Brad Bertoch, president of the Wayne Brown Institute and a member of the Utah Technology Industry Council, mused that the lost jobs may find their way back to the Beehive State.

“As companies outsource, they find certain things work well and others don’t. The more technically complicated the job, the less success” of Third World workers meeting stiff regulatory requirements for sales in the United States, he suggested.

“Kimberly-Clark is just bowing to the allure of outsourcing offshore in an effort to improve their bottom line. There could prove to be a lot of problems with that,” Bertoch said.

Meanwhile, Ballard employees, asking to remain unidentified for fear of retribution, took little comfort from the company’s plans to stretch out terminations.

“We knew something was up when corporate and employee assistance people showed up this morning,” one woman said. “We’ve been afraid this would happen.”

Added a male colleague: “A lot of people have been working here a lot of years and really didn’t get much notice this would happen. Now, they are concerned if [Kimberly-Clark] will be true to their word [in phasing jobs out over time].”

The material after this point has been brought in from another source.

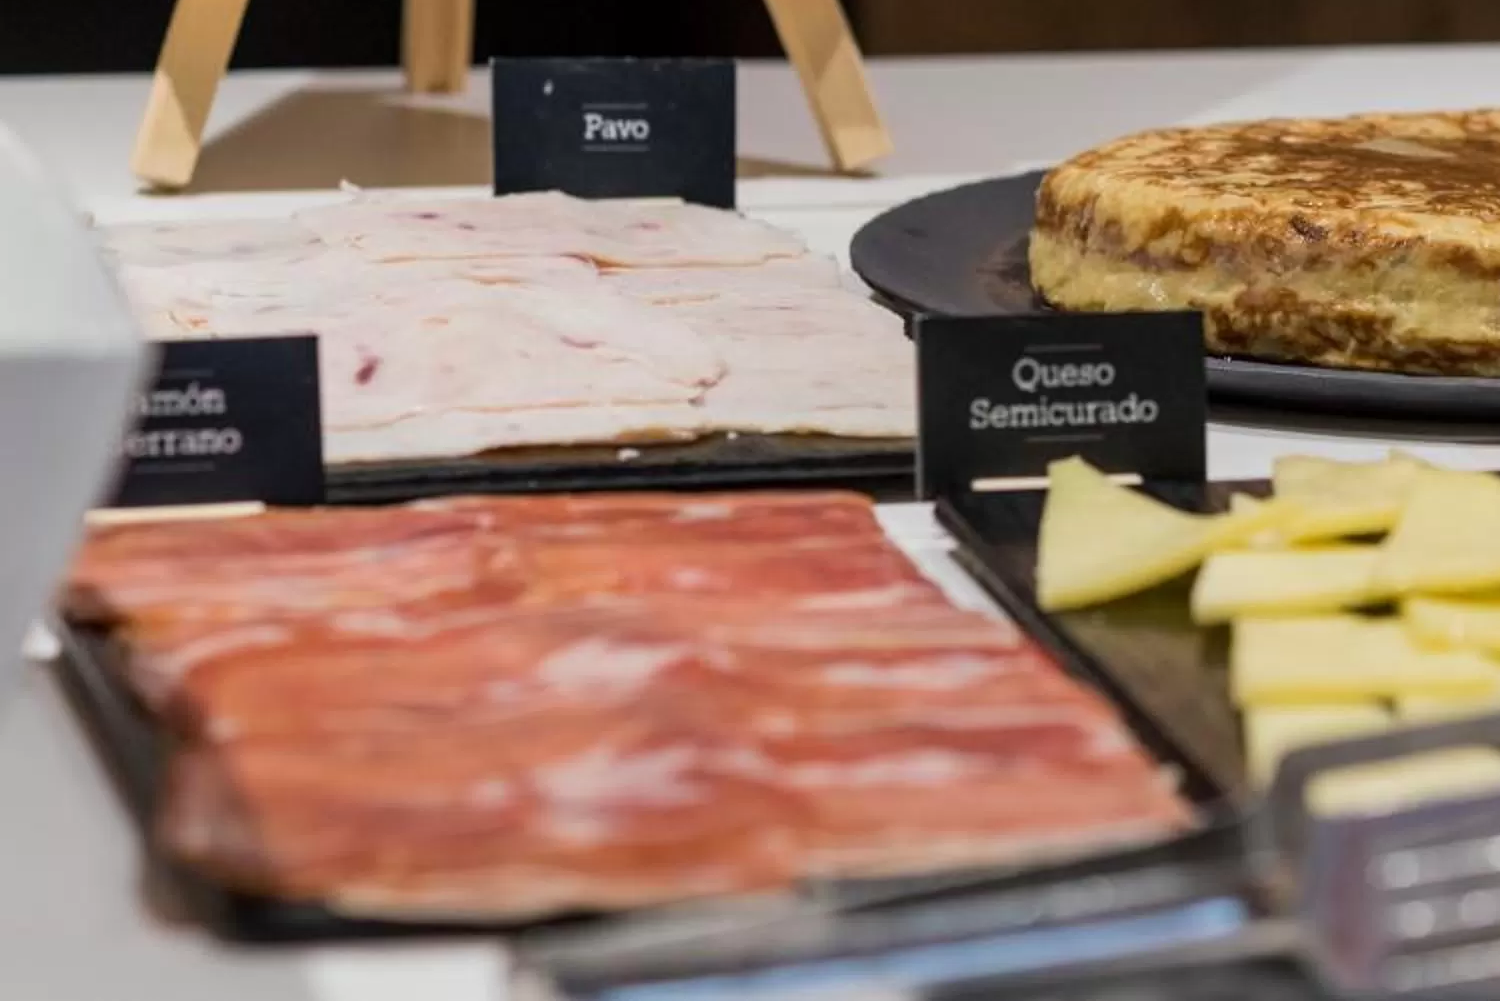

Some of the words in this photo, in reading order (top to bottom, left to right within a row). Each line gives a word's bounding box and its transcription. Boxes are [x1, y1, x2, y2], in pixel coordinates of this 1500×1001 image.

[583, 112, 650, 141] Pavo
[1012, 357, 1116, 393] Queso
[969, 393, 1159, 430] Semicurado
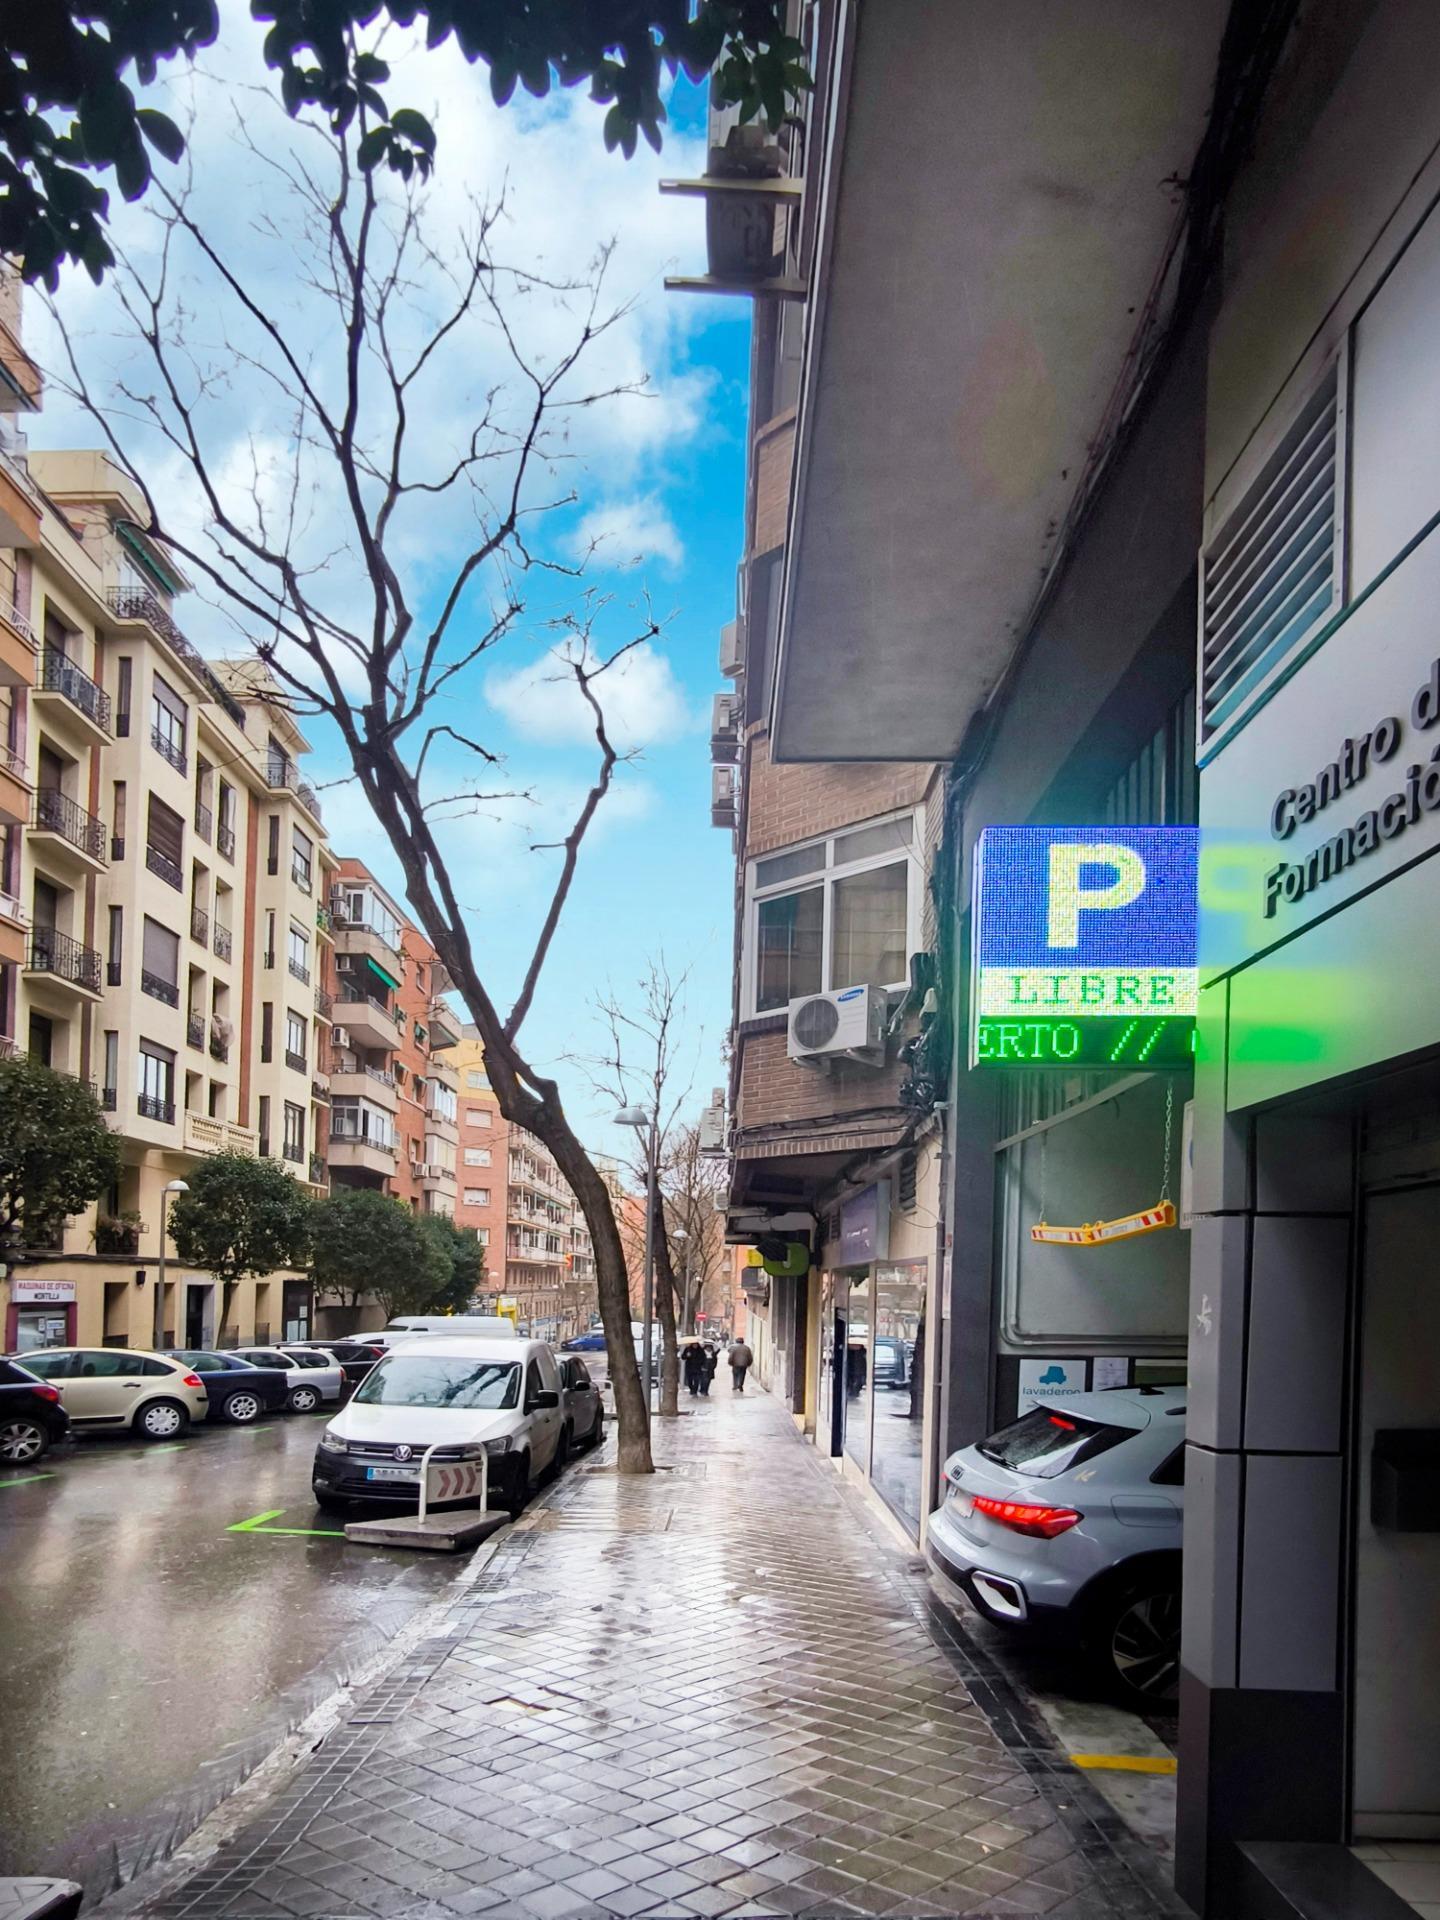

Even competitors lamented Ballard Medical’s passing. Fred Lampropoulos, president and CEO of Merit Medical, saw the development as bitter irony, given that “the biomedical industry has been the backbone for this state in the recent recession.”

“It’s a mixed situation for Merit,” he said. “We’re saddened that another company is essentially being shut down. But the positive in this is that many of those employees may become Merit employees as we continue to expand our own operations.”